Le Nouveau Testament ne dit pas que Dieu puisse changer d’avis. Toutefois, l'Ancien Testament hébreu (ou Premier Testament) utilise des verbes pour évoquer ce type de mutation divine. Parmi ces verbes se trouve niḥām, « se repentir, se rétracter, regretter », utilisé par exemple en Gn 6, 6 : au vu de la malice humaine, « YHWH se repentit (וַיִּנָּחֶם יְהוָה) d’avoir fait l’homme sur la terre ». Trente-deux autres occurrences du verbe niḥām avec un sujet divin se trouvent dans la Bible hébraïque.

Ce repentir divin (effectif ou simplement envisagé) peut être conditionné par un comportement humain : prière, mauvaise conduite ou, à l’inverse, conversion/retournement vers Dieu. YHWH réagit face au comportement humain. Ces textes annoncent ou racontent donc une interaction divino-humaine.
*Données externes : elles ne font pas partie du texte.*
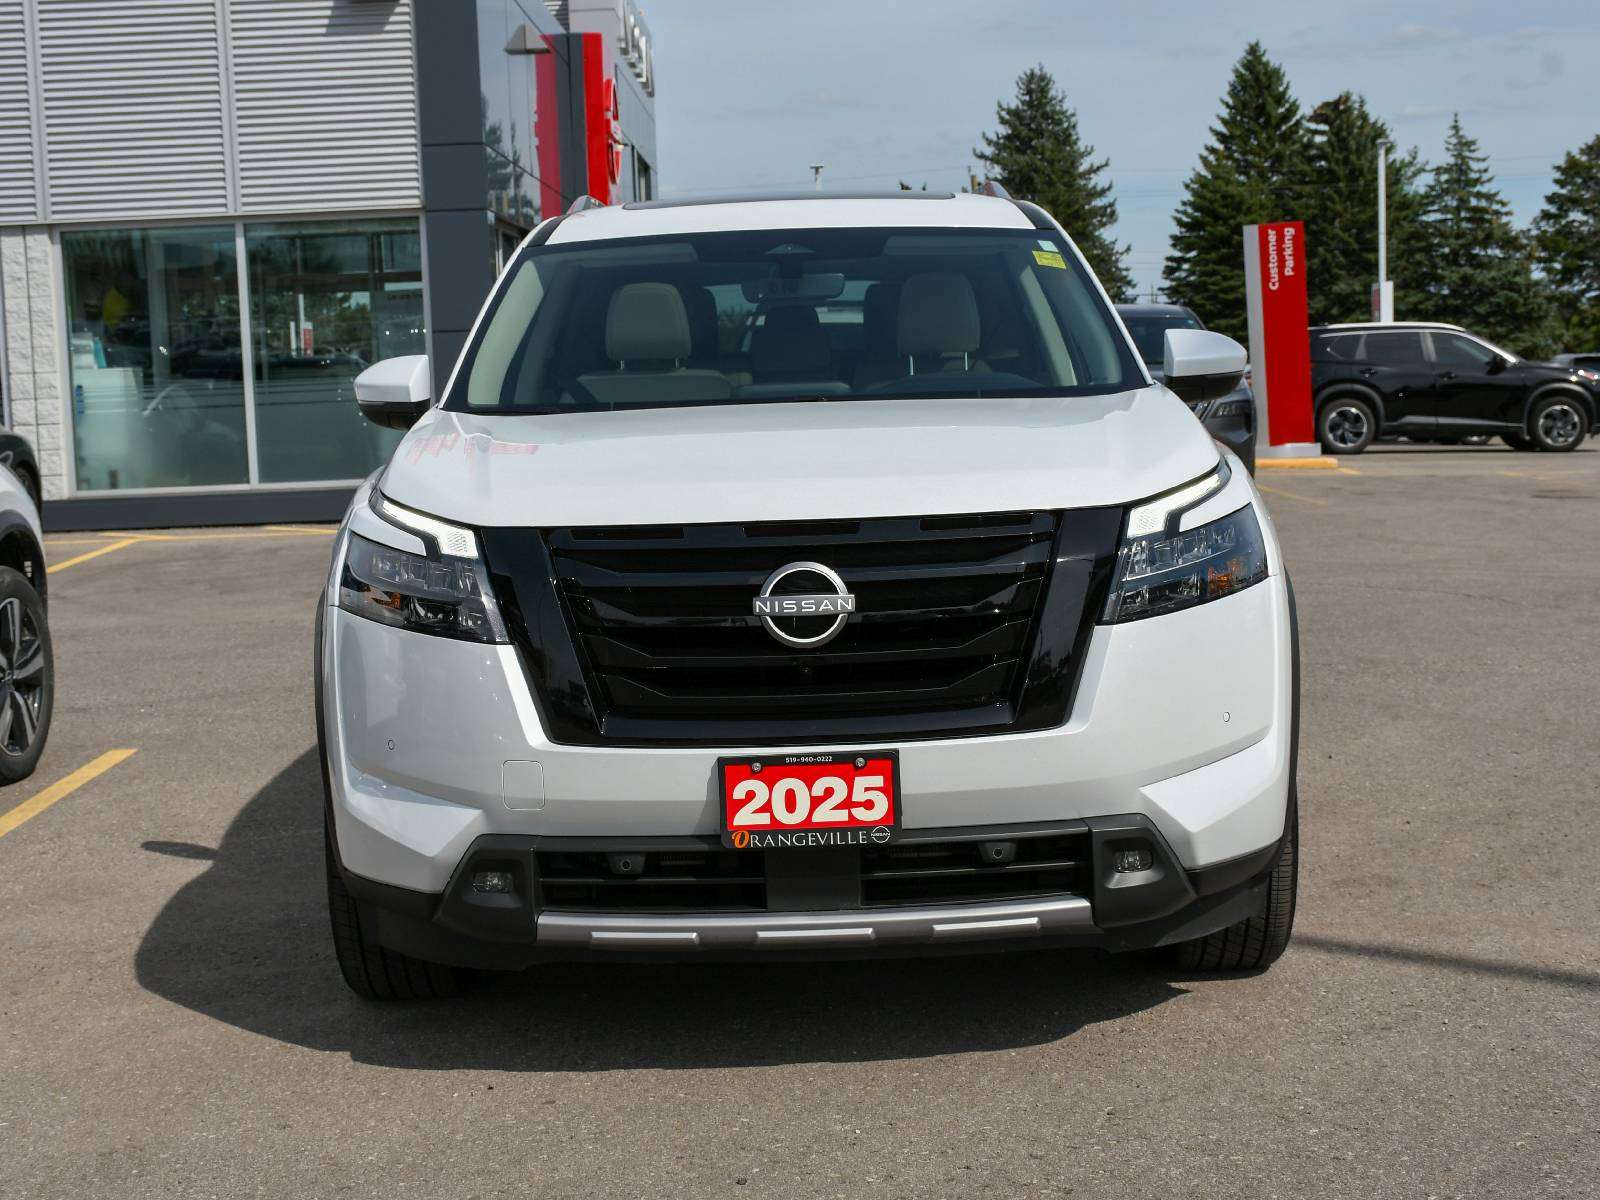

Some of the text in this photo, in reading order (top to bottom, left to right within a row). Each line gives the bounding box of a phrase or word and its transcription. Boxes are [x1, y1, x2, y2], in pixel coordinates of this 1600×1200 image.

[1268, 229, 1279, 290] Customer
[1283, 227, 1295, 276] Parking
[755, 598, 852, 613] NISSAN
[732, 776, 889, 826] 2025
[731, 830, 867, 848] ORANGEVILLE
D’ailleurs, la recherche que je présente cet après-midi n’est pas sans lien thématique avec le travail que j’ai précédemment soutenu dans notre Faculté en 2006, au sujet de l’appel divin et de la réponse humaine. J’avais alors étudié les huit sermons de S. Léon le Grand sur l’Épiphanie avant qu’il me soit demandé de m’initier aux études bibliques. Le Doyen d’alors (M. Philippe Molac, qui nous fait l’honneur d’être parmi nous aujourd’hui) m’encouragea à étudier plus spécialement les Prophètes.

(Démarche)

 

À l'Institut Biblique Pontifical, un cours du Professeur Barbiero commençait par la lecture du chapitre 18 de Jérémie[2]. L'épisode de la descente de ce prophète chez le potier et ce qui s'ensuit est l'occasion de ces paroles étonnantes du SEIGNEUR lui-même : « si [ce peuple] revient de sa malice, alors je me repens du malheur que je préparais ». Telle fut l'occasion du commencement de ma réflexion sur ce thème. J'ai passé plusieurs mois à étudier ce texte, les douze premiers versets de ce chapitre. Je dois d'ailleurs confesser ce que j'ai omis de mentionner dans le travail qui nous réunit : ces mois de travail à Rome puis à Jérusalem ont produit l'essentiel de la deuxième partie de la thèse que je vous présente ce soir. Lesdites pages portent donc sur la visite de Jérémie chez le potier (18, 1-12).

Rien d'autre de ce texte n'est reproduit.